Sister Margaret McEntee remembered him as Johnnie, the quiet boy who often asked if he could sharpen his pencils during class. At the pencil sharpener, he would stand there staring out the windows, daydreaming, while the other students worked.

John Patrick Shanley remembered her as Sister Marita James, the youngest teacher at St. Anthony School at a time when the Catholic Church was changing.

“He was 6 and I was 21 and we met together in first grade,” Sister McEntee said — she returned to her baptismal name after it became acceptable for nuns to do so in the late 1960s.

It would be 48 years before they would meet again — in the lobby of the Manhattan Theater Club before the curtain rose on Doubt, Mr. Shanley’s Tony Award-winning play inspired by his time at the Bronx school and by his first-grade teacher, Sister James.

“It fascinates me,” she said about her lasting effect on her student, now immortalized as an Oscar-nominated film, starring Meryl Streep, Philip Seymour Hoffman and Amy Adams. “It’s like this whole mystery of life.”

The film tells the story of a nun at a Bronx Catholic school in 1964 who suspects a young priest is abusing a student. The story, while entirely fictional, evokes an era — following the directive of the Vatican Council II, which introduced a more progressive attitude about the church — during which Sister McEntee was studying.

In the midst of this shift, doubt was everywhere, she said, and the movie captured that perfectly.

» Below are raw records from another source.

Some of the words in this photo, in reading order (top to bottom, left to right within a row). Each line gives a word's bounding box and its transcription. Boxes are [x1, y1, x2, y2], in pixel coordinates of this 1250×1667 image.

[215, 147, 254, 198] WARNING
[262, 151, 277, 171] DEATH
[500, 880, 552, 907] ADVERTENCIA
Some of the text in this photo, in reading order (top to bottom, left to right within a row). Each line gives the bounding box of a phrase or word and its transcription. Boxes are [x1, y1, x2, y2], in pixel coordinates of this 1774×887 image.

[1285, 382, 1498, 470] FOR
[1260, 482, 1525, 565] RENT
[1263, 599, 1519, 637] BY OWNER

“I was drawn to this Father Flynn and the way he was trying to humanize the situation,” she said of the movie’s characters. “But I was also drawn to Sister Aloysius that as a teacher my responsibility would be to make sure these children are protected.”

For the movie, Mr. Shanley needed more detailed technical advice. He didn’t know that the Sisters of Charity wore long white robes and white caps to bed, or that they weren’t allowed to speak during dinner until the principal rang a bell. For these things, he needed Sister McEntee.

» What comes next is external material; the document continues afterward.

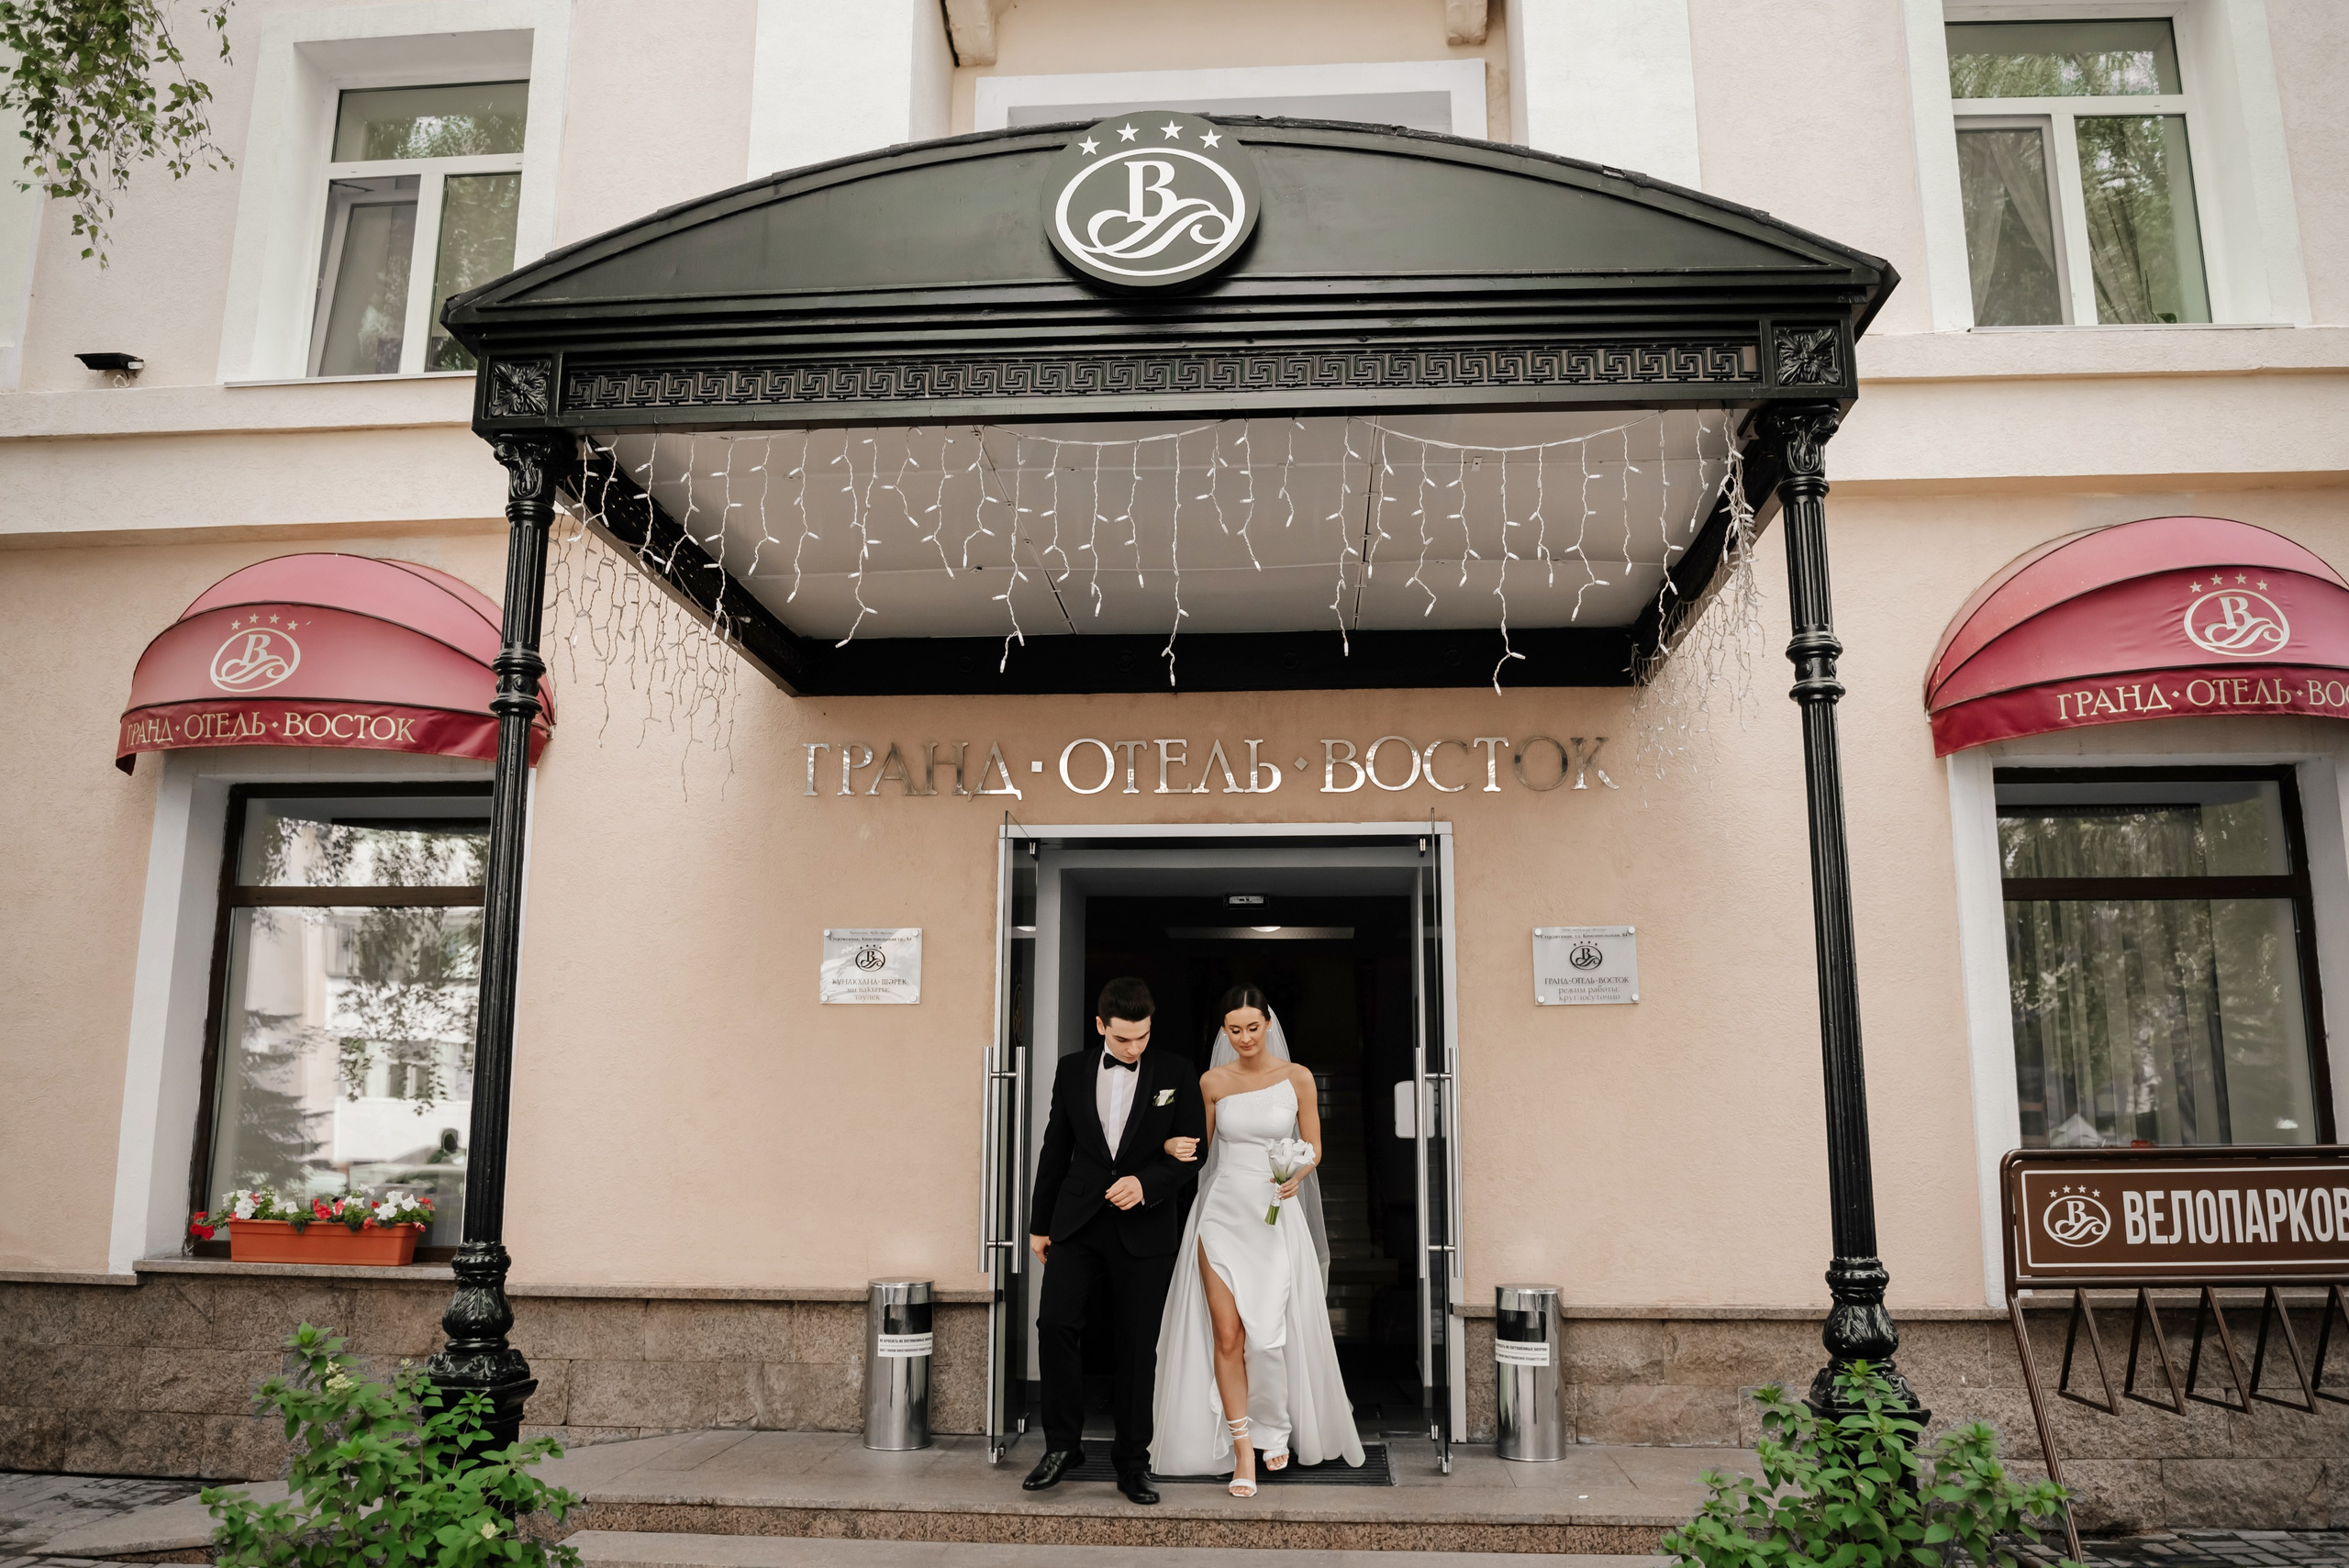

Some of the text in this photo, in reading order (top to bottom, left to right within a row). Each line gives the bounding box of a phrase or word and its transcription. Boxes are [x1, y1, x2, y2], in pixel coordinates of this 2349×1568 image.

A Sister of Charity for 55 years, Sister McEntee is a native of Riverdale She attended St. Margaret of Cortona School as a child and entered the convent at the age of 18.

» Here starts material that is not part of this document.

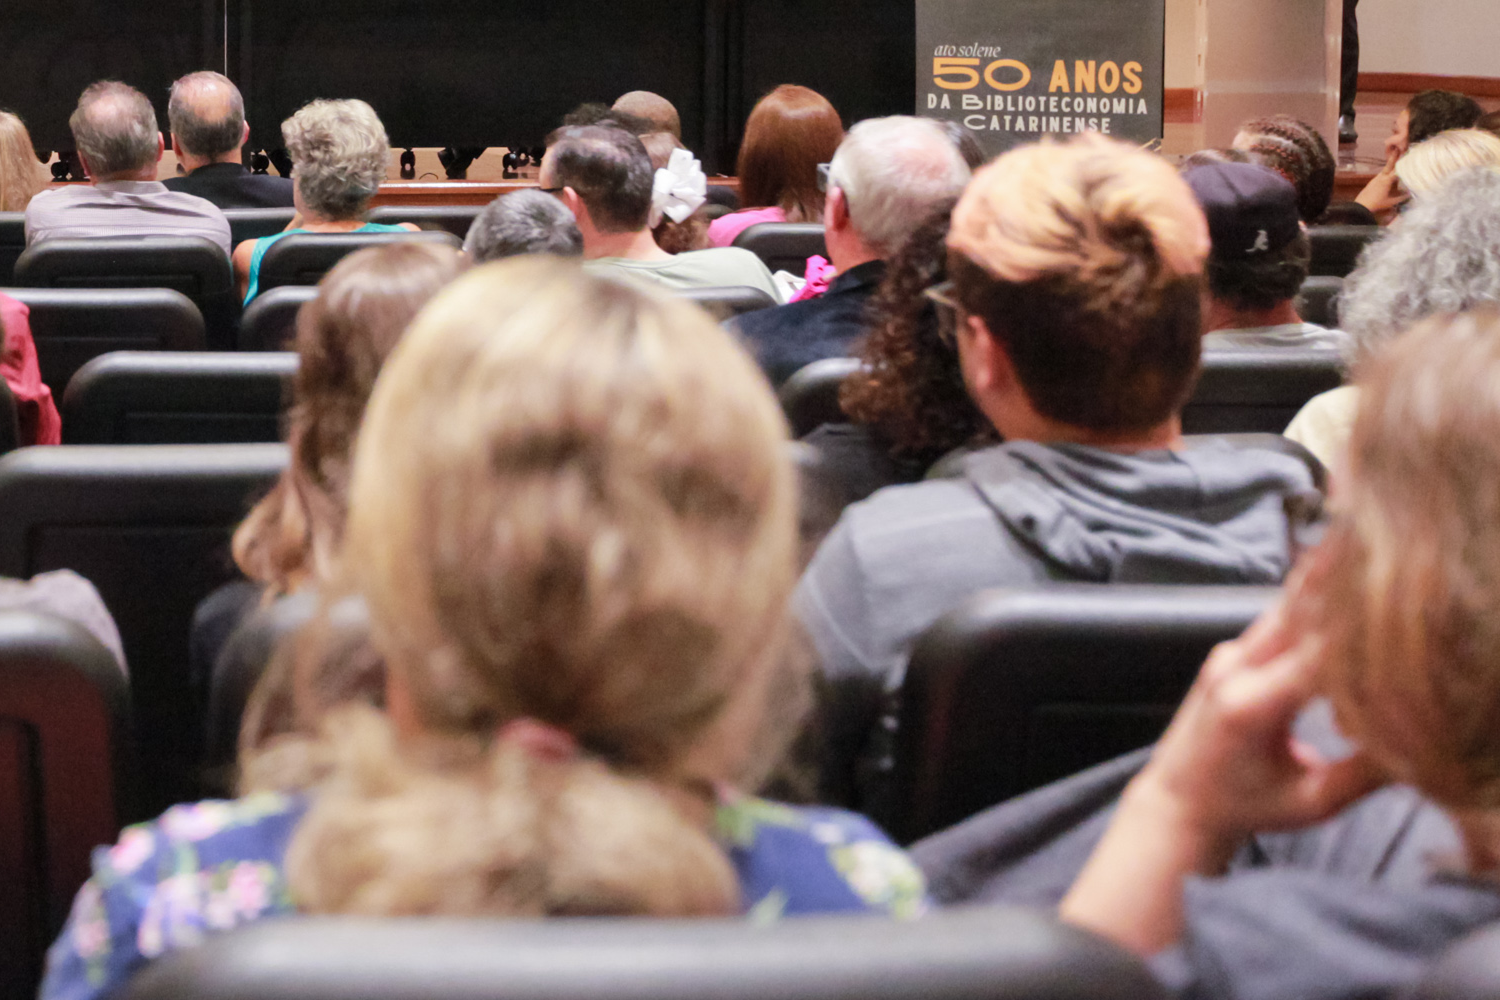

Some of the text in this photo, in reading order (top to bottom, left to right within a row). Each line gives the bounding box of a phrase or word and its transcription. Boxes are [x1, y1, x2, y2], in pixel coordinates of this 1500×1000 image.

[934, 42, 1001, 58] ato solene
[933, 57, 1143, 94] 50 ANOS
[927, 93, 1148, 115] DA BIBLIOTECONOMIA
[963, 114, 1111, 134] CATARINENSE

“I had felt called to the sisterhood since I was a young girl,” she said.

It was an elementary school teacher who influenced the course of her life, too. Her second- grade teacher, Sister Anne, had radiant red hair, just like Sister McEntee.

The young girl went home one day and told her mother, “I could become a sister, too, because God lets redheads into the convent.”

The first time Sister McEntee showed up for a shoot, they were filming the actors in a garden downtown, although much of the film was shot on the College of Mount Saint Vincent campus.

It had been a long time since Sister McEntee had seen nuns in the severe habits of the Sisters of Charity.

“It took my breath away,” she said.

She got to work immediately.

“I looked at Meryl Streep and I said, ‘Oh, no, no, no, your bows are all wrong,’” she said. “And I made a beeline to straighten the bows under her cap. ‘They’re wilting, they’re dripping,’ I said. ‘We were not allowed to have bows like that.’”

Soon Amy Adams, who plays the character of Sister James in the movie, came running over to have hers fixed, too.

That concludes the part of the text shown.